As someone with part of their heart in Africa and a fascination with rail and air transport across that magnificent continent, I was very sad to learn that 75 year old Air Namibia is no more. Today, 636 staff lost their jobs, as the Namibian flag carrier was put into liquidation by it’s only shareholder, the country’s government. The staff will be reportedly paid 12 months salary as severance but receive no benefits.
Air Namibia had been advertising Valentine’s Day Specials just two days ago. The website is no longer taking bookings.
Four A319-100s, two A330-200s and four EMB-135ERs had been operating to seven domestic and 11 international destinations in Angola, Botswana, Germany, South Africa, Zambia and Zimbabwe. Its international hub was Windhoek Hosea Kutako International Airport and for domestic flights: Windhoek Eros Airport.

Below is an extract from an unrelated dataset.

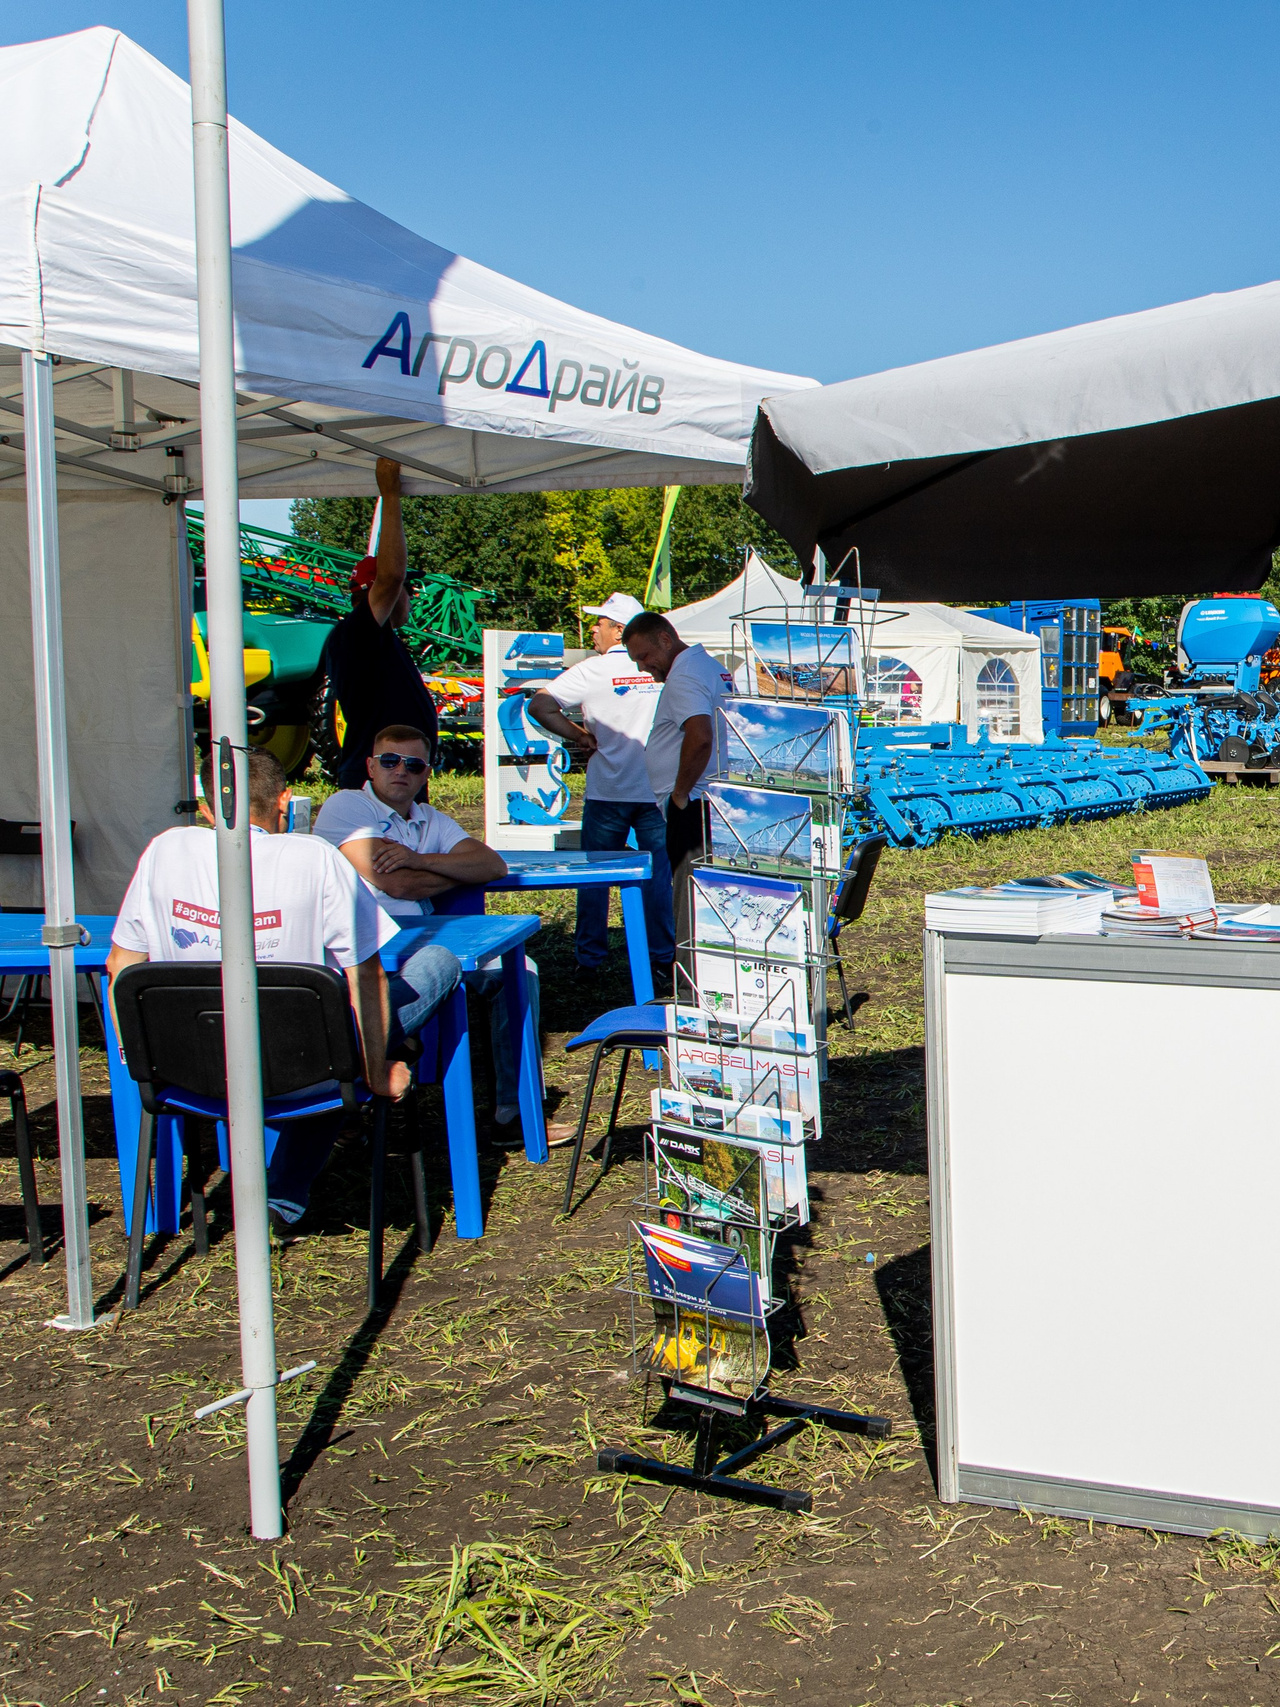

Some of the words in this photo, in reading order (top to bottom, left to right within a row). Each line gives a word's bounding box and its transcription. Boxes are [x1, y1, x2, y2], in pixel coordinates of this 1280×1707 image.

[361, 311, 665, 415] АгроДрайв
[614, 676, 655, 685] #agrodrivet
[754, 962, 788, 974] IRTEC

People have been quick to blame COVID for this collapse but the story is older and much more complex. There has been claims the airline has been trading while insolvent since October. This had been part of an ongoing legal dispute with the estate of former Belgian lessor Challenge Air over outstanding payments on a 1998 debt stemming from the lease of a Boeing 767-300 (ER). A payment of $US6 million was due in 18th February which the government has been opposing citing unaffordability. Liquidation reportedly prevents Challenge Air from seizing any of Air Namibia’s assets
The airline’s board resigned in early February after the government supported an application in the Namibian High Court to have the airline liquidated.
Air Namibia was a small carrier with a long history having started in November 1946, as South West Air Transport (SWAT). This is why it’s IATA designator was SW. It charged names and ownership several times before becoming the country’s flag carrier in 1987. It has been fully government owned since 2013.
With the loss of South African last year, this significantly isolates Namibia. There is probably a very good market opening. Ethiopian has been negotiating with the South African government but progress appears to be slow.
Could a nimble operator come in and grab a foothold in Southern Africa?